For Bridgestone, which was fined €58.5 million (including a 30% markup due to its leadership role in the cartel), this represents an initial amount of around €2.1 million multiplied by the 21 years it participated in the infringement. Ultimately, its fine is higher than the total annual value of the market, which the Commission estimated to be €32 million per annum. Under the previous fining methodology, Bridgestone would have suffered a substantially lower fine.

Interesting to note here is the fact that the Commission is not only investigating high-value markets, such as the market for flat glass, methacrylates, or fittings valued at €1,700 million, €665 million, and €525 million per year, respectively. The Commission’s action here demonstrates once again its commitment to prosecute any infringement of European competition law, in any type of product market and whatever the size of the market.

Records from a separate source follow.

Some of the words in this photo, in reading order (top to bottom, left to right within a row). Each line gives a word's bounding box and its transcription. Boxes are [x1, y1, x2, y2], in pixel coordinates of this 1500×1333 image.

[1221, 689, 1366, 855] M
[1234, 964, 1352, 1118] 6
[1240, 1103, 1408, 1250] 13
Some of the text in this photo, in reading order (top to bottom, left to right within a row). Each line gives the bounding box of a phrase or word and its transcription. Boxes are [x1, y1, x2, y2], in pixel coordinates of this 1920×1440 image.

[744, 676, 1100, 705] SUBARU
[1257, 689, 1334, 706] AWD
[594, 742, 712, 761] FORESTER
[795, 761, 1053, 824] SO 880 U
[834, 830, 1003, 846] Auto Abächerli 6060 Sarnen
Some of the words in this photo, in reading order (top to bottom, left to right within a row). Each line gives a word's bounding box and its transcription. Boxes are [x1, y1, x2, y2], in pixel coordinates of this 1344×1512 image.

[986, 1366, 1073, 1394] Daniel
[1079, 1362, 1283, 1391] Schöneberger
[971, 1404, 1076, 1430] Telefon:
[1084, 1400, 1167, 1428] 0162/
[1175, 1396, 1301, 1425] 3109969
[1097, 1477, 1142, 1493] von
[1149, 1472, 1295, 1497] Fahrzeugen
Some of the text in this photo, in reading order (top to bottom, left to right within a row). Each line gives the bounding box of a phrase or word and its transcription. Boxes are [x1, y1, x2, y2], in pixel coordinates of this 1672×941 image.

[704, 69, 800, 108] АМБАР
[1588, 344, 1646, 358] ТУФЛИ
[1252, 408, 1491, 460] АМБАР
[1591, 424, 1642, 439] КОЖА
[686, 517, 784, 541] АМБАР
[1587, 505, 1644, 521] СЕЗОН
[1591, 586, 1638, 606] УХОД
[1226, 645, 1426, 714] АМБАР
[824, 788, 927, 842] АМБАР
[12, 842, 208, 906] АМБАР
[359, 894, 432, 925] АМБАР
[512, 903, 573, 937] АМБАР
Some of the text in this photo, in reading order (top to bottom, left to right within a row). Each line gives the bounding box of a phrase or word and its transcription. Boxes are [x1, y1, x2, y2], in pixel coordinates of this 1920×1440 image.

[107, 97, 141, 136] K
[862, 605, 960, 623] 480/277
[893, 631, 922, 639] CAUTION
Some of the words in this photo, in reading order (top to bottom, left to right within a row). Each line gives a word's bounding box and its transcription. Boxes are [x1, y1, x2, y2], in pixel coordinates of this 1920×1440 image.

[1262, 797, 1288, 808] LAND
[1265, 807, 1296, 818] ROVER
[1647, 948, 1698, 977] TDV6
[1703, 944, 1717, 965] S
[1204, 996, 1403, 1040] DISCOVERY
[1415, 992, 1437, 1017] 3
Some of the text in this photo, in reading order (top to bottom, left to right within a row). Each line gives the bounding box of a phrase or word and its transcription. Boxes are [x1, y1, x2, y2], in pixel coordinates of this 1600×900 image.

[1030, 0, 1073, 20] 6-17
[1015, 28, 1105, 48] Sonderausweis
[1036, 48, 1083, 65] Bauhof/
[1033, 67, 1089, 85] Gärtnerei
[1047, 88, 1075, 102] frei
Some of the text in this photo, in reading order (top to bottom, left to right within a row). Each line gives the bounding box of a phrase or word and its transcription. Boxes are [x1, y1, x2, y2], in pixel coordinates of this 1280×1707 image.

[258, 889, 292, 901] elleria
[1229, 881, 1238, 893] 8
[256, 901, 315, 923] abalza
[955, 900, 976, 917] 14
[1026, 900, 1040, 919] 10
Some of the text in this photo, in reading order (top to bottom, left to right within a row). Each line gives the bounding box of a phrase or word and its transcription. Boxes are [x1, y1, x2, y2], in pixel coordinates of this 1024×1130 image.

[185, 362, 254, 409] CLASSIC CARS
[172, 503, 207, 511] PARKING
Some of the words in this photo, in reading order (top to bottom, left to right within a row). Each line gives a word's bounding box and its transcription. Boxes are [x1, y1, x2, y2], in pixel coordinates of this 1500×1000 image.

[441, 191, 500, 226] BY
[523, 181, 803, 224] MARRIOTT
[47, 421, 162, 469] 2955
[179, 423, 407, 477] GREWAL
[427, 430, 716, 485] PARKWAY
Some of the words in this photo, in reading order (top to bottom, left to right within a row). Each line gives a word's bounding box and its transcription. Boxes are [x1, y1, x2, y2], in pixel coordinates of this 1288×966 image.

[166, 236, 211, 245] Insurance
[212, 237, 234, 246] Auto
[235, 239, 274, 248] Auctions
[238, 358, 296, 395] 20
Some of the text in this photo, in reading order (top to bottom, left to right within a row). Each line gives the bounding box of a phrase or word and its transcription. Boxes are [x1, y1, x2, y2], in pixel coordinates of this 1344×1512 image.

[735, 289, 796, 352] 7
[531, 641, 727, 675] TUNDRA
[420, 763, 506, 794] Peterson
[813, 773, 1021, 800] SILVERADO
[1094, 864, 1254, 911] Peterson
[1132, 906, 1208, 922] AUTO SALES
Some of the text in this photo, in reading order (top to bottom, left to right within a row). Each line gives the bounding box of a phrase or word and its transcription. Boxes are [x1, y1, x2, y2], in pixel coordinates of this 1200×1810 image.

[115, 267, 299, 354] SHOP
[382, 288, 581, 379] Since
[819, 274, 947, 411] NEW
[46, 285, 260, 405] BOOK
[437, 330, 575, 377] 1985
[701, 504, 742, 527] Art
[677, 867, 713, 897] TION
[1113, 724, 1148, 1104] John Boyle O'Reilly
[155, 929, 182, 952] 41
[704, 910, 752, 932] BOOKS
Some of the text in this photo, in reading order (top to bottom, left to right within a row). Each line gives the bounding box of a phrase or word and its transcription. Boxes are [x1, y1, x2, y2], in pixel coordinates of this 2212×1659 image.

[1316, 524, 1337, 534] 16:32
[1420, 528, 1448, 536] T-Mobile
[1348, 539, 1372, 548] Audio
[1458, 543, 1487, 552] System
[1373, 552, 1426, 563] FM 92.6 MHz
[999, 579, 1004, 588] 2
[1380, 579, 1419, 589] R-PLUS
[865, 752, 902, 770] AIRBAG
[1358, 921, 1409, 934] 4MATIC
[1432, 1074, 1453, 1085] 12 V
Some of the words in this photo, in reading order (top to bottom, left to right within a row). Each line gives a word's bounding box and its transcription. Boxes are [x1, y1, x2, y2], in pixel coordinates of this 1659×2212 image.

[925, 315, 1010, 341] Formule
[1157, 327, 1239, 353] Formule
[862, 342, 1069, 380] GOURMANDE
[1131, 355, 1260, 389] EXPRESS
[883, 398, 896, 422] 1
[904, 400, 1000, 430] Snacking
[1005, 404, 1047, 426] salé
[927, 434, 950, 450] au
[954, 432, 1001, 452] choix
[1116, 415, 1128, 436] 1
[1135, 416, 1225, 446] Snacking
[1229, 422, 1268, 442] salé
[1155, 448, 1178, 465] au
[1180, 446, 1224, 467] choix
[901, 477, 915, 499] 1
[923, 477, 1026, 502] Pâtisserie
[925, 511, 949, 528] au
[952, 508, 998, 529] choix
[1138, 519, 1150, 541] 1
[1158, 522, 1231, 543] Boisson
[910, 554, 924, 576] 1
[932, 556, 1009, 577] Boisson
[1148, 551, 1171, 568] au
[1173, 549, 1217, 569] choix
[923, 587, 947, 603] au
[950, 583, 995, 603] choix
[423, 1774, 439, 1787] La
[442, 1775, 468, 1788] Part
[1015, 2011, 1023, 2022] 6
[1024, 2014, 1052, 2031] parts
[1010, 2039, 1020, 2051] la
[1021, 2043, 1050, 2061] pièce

Companies active in small or niche markets will be hit as hard as large corporate groups, such as Microsoft, Saint-Gobain, or ThyssenKrupp.

Finally, the Marine hose cartel also marks the first time the Commission conducted a dawn raid at the private home of one of the executives of the companies participating in the cartel.[3]

[1] Yokohama, the sixth member of the cartel, received immunity from fines, being the first company to
file an immunity application to the European Commission. See the official press release IP/09/137 - http://europa.eu/rapid/pressReleasesAction.do?reference=IP/09/137&format=HTML&aged=0&language=EN&guiLanguage=en.

[2] In 2008, Saint-Gobain was fined €896 million and Pilkington €370 million for their participation in a cartel in
the car-glass sector. In 2007, ThyssenKrupp received a fine of €480 million for its participation in a cartel in the elevator sector.

[3] Pursuant to Article 21 of Council regulation n°1/2003, the Commission has the power to search private homes if it has reasonable suspicion that evidence is being kept on the premises.